La majorité a jugé que la politique de la BDNI exigeant un certificat d’apostasie était légale. Malgré le fait que Lina Joy avait fourni une déclaration statutaire à la BDNI exprimant sa décision qu’elle ne souhaitait plus être musulmane et joignait un certificat de baptême chrétien, la majorité des juges a déclaré qu’ « il n’y avait aucune certitude que l’appelante ne professe plus l’islam. » En conséquence, la majorité a conclu que la politique instituée par la BDNI et à laquelle elle tenait, comme organisme public, était à la fois raisonnable et légitime.

En confirmant cette décision, la majorité de la Cour fédérale de Malaisie dans le cas de Lina Joy a décidé que la question de savoir si Lina Joy était musulmane ou non est une décision relevant exclusivement des tribunaux islamiques. (…)

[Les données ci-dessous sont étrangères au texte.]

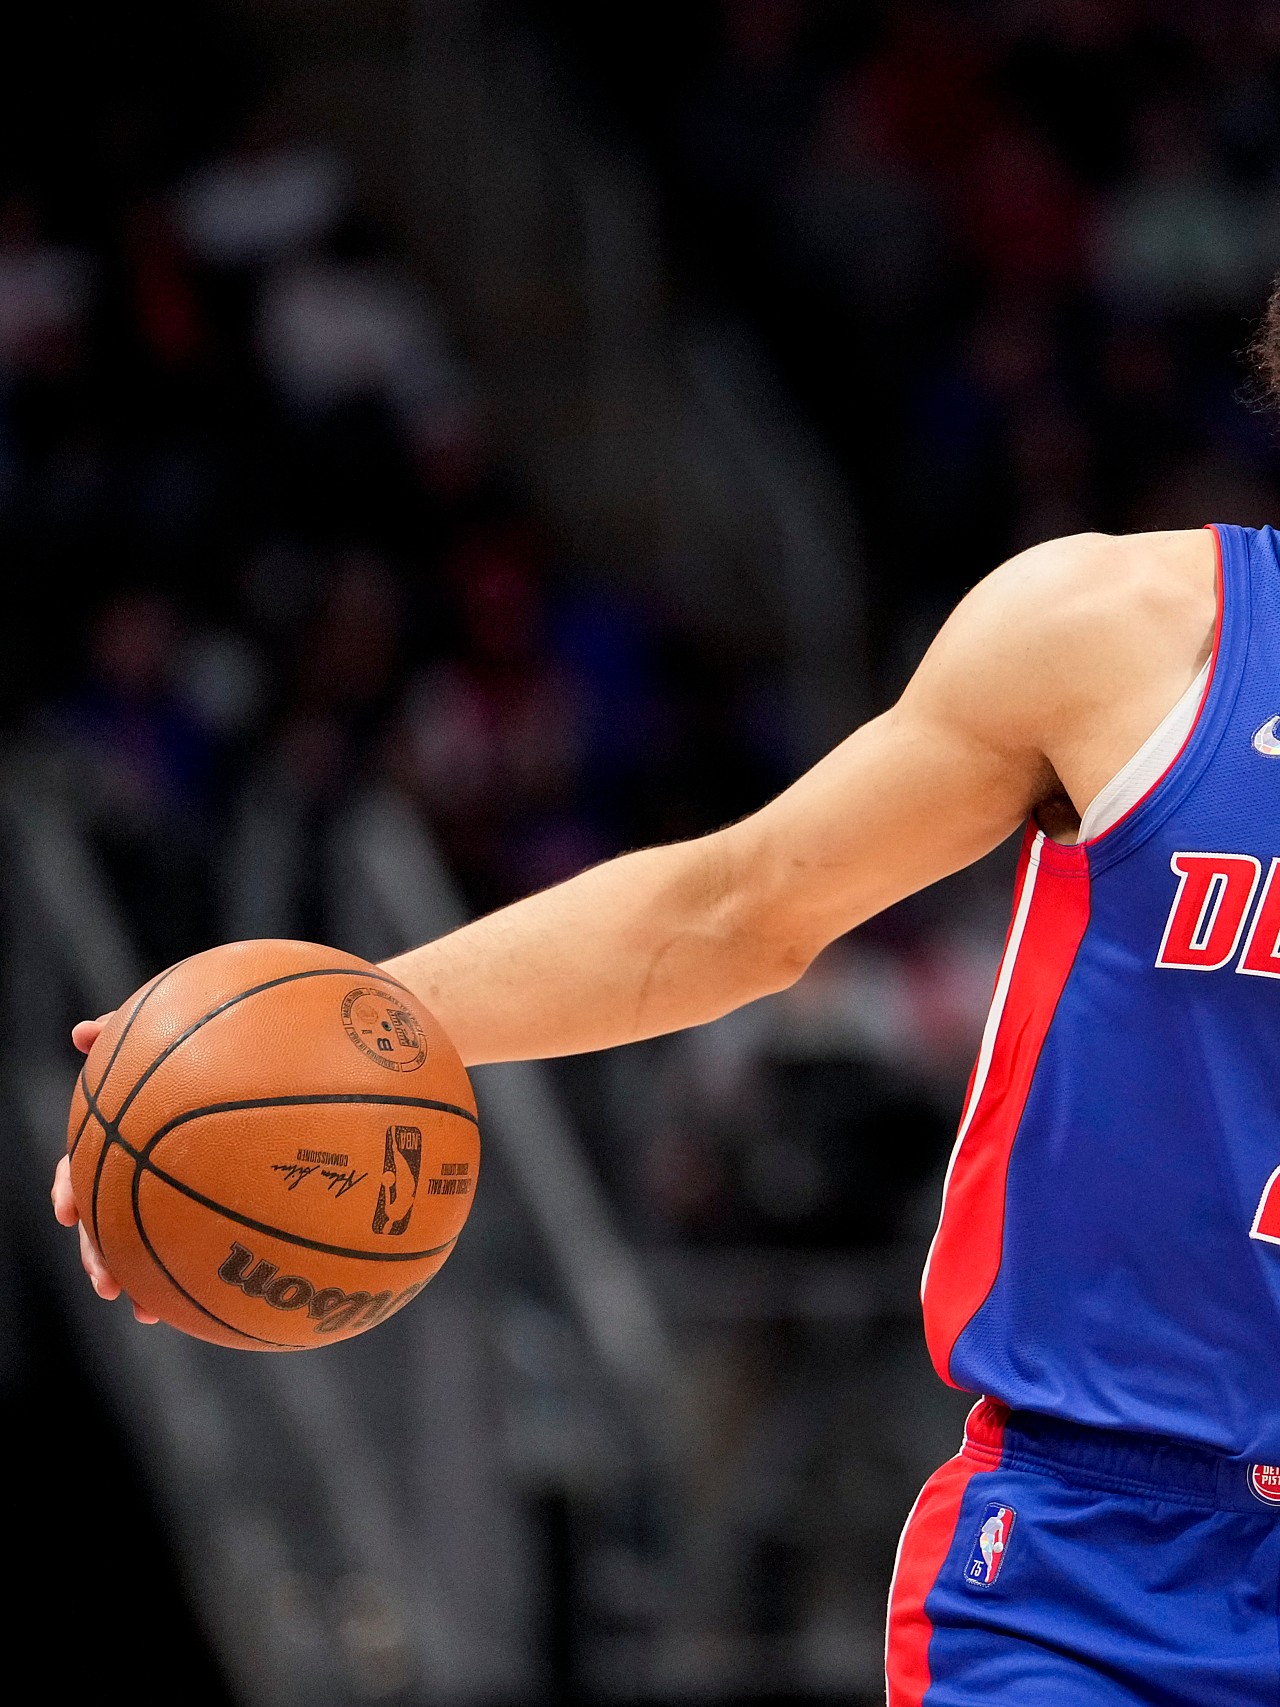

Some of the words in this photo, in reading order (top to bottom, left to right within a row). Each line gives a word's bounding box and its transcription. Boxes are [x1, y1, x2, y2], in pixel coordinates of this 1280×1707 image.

[400, 1132, 418, 1150] NBA
[296, 1148, 349, 1167] COMMISSIONER
[970, 1559, 984, 1577] 75
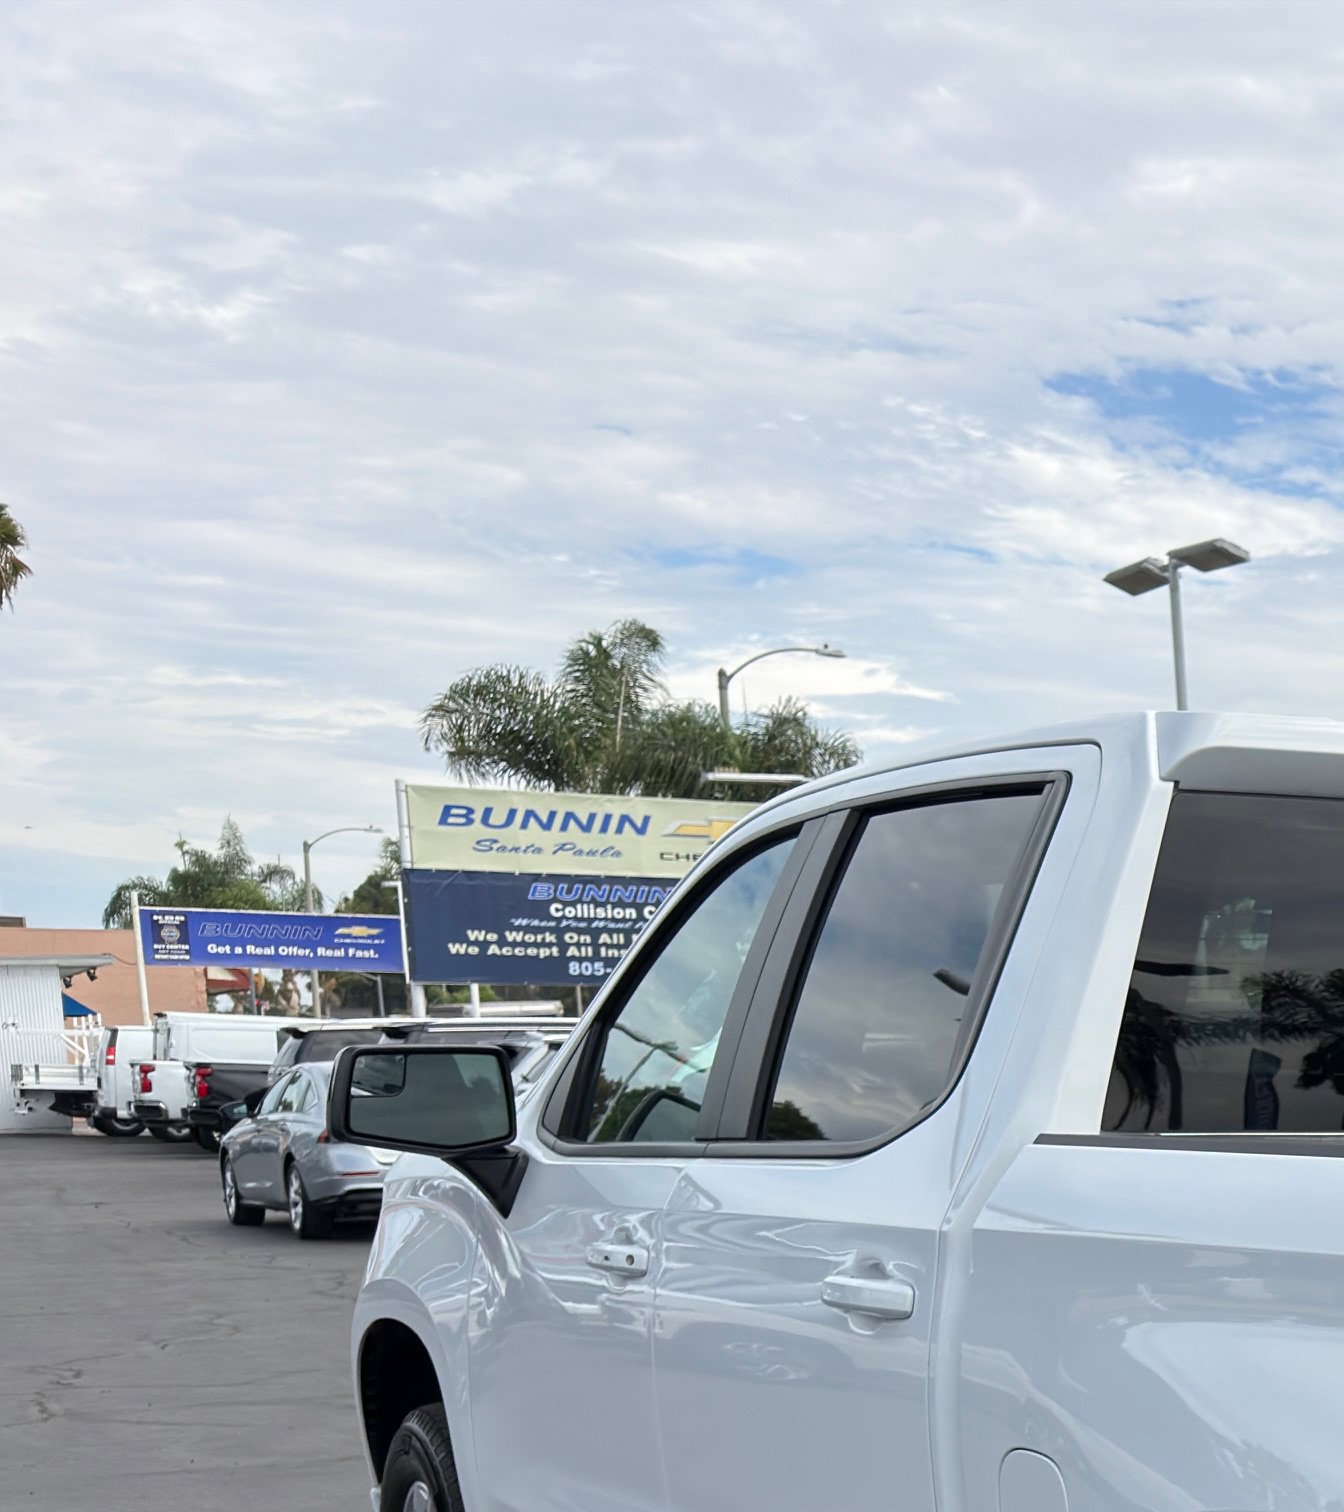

La majorité des juges de la Cour fédérale dans le cas de Lina Joy n’ont fait aucune allusion à la clause de non-dérogation à l’art. 3 (4), ni à l’art. 4, qui affirme la suprématie de la Constitution. Ils n’ont pas non plus expressément tenu compte de l’histoire constitutionnelle qui donne à penser que la Malaisie n’était pas destinée à être un État islamique. Selon Benjamin Dawson et Steven Thiru, membres de l’équipe légale représentant Lina Joy, la majorité de la Cour fédérale a tout simplement traité de la question de l’apostasie « comme une simple question islamique plutôt que comme une question constitutionnelle. » Cela leur permettait d’invoquer la clause conférant toutes ces questions aux tribunaux de la charia, niant par le fait même leur propre compétence et leur pouvoir de défendre les droits constitutionnels manifestes de Lina Joy.

Il aurait certainement été plus conforme à la façon dont d’autres cours suprêmes ont interprété les dispositions relatives aux droits fondamentaux dans les constitutions nationales de décider un tel cas d’une manière qui assure la prédominance de telles dispositions. En un sens, il aurait même été plus prudent pour les tribunaux civils d’assumer leur responsabilité de cette manière, et de donner effet à toutes les parties de la Constitution.

(…)

Les implications pratiques de la décision

Afin d’apprécier pleinement le sérieux impact sur la liberté religieuse en Malaisie occasionnés par des décisions dans des cas tels que Lina Joy, il est important de noter deux importantes implications pratiques de cette affaire.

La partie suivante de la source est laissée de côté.